▶ _TASK DIRECTIONS_
The output should contain the listing word for word and no pictures.

+-------+

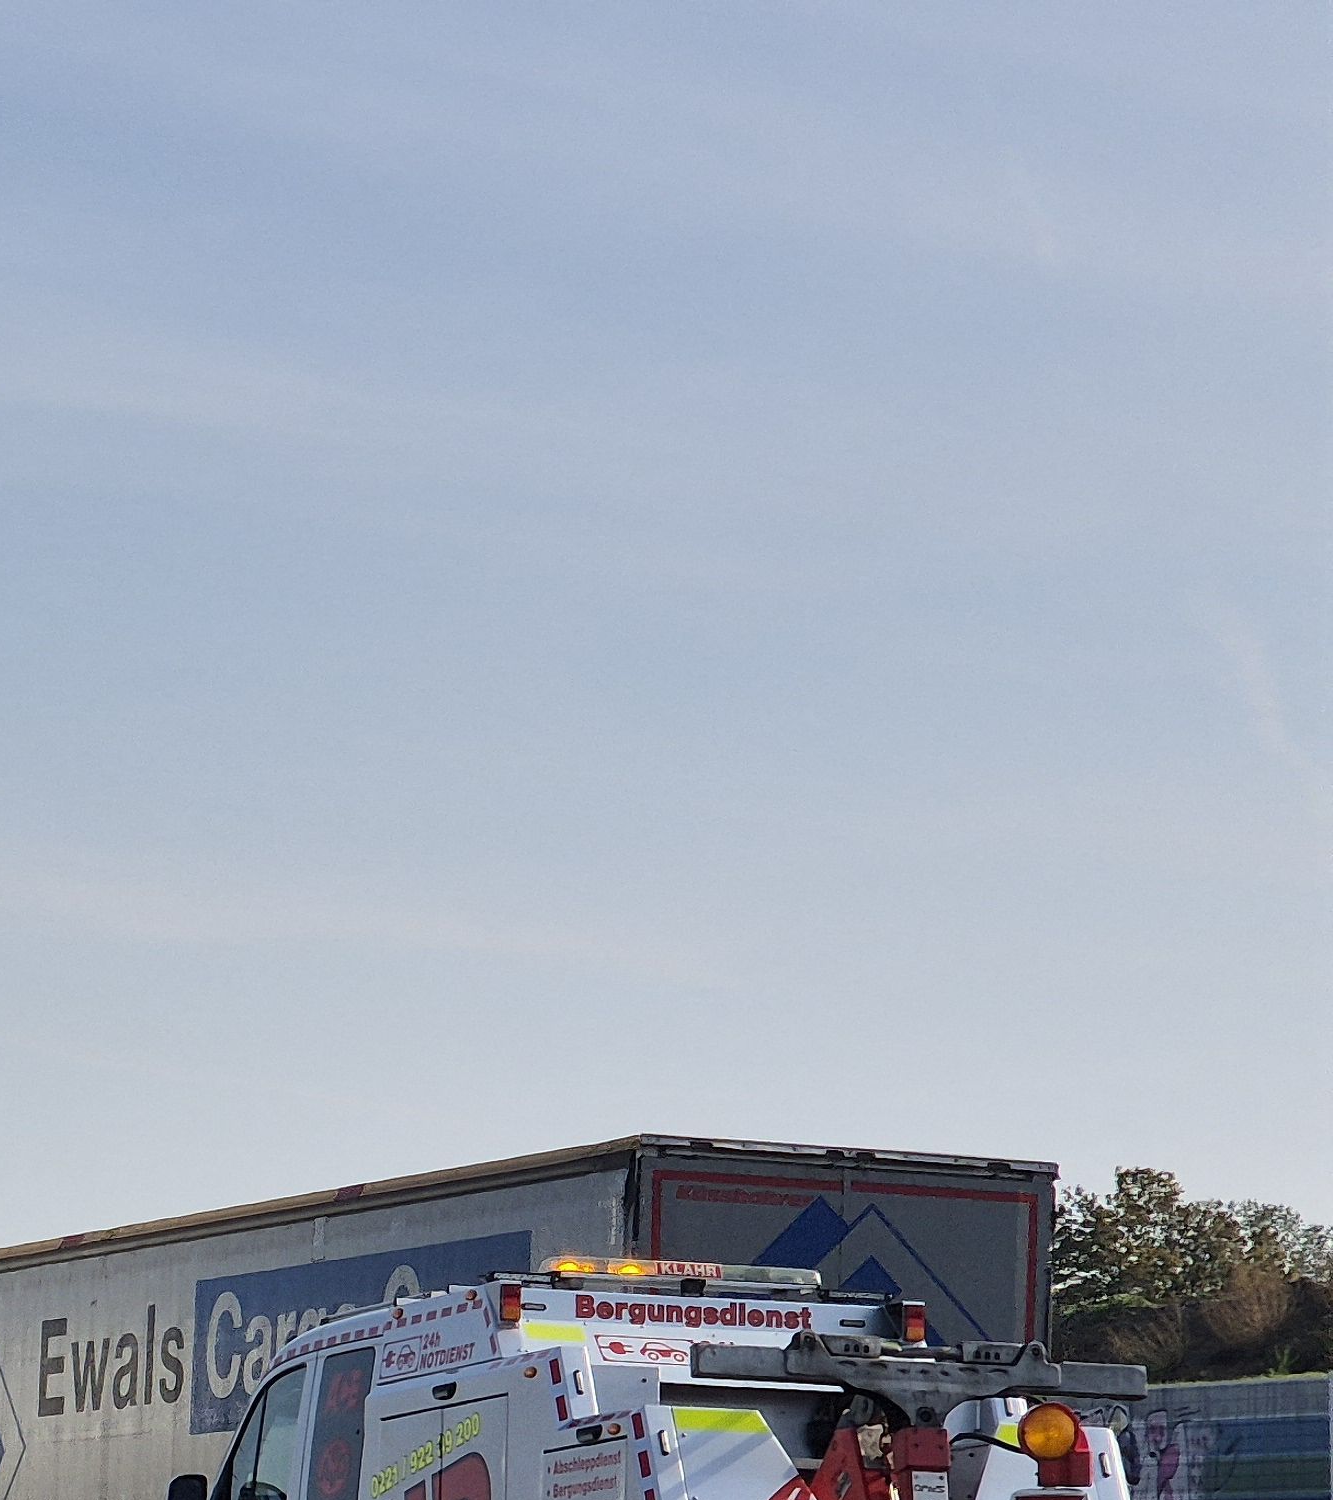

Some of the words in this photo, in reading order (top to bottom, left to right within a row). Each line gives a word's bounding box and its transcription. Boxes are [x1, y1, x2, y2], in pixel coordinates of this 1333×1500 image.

[660, 1263, 718, 1277] KLAHR
[575, 1294, 812, 1329] Bergungsdienst
[38, 1303, 184, 1417] Ewals
[420, 1342, 475, 1369] NOTDIENST
[371, 1462, 398, 1499] 0221
[410, 1440, 433, 1474] 922
[456, 1412, 481, 1447] 200
[553, 1451, 621, 1475] Abschleppdienst
[553, 1476, 617, 1498] Bergungsdienst

+-------+

▶ _TASK RESPONSE_
Some of the words in this photo, in reading order (top to bottom, left to right within a row). Each line gives a word's bounding box and its transcription. Boxes are [x1, y1, x2, y2], in pixel coordinates of this 1333×1500 image.

[660, 1263, 718, 1277] KLAHR
[575, 1294, 812, 1329] Bergungsdienst
[38, 1303, 184, 1417] Ewals
[420, 1342, 475, 1369] NOTDIENST
[371, 1462, 398, 1499] 0221
[410, 1440, 433, 1474] 922
[456, 1412, 481, 1447] 200
[553, 1451, 621, 1475] Abschleppdienst
[553, 1476, 617, 1498] Bergungsdienst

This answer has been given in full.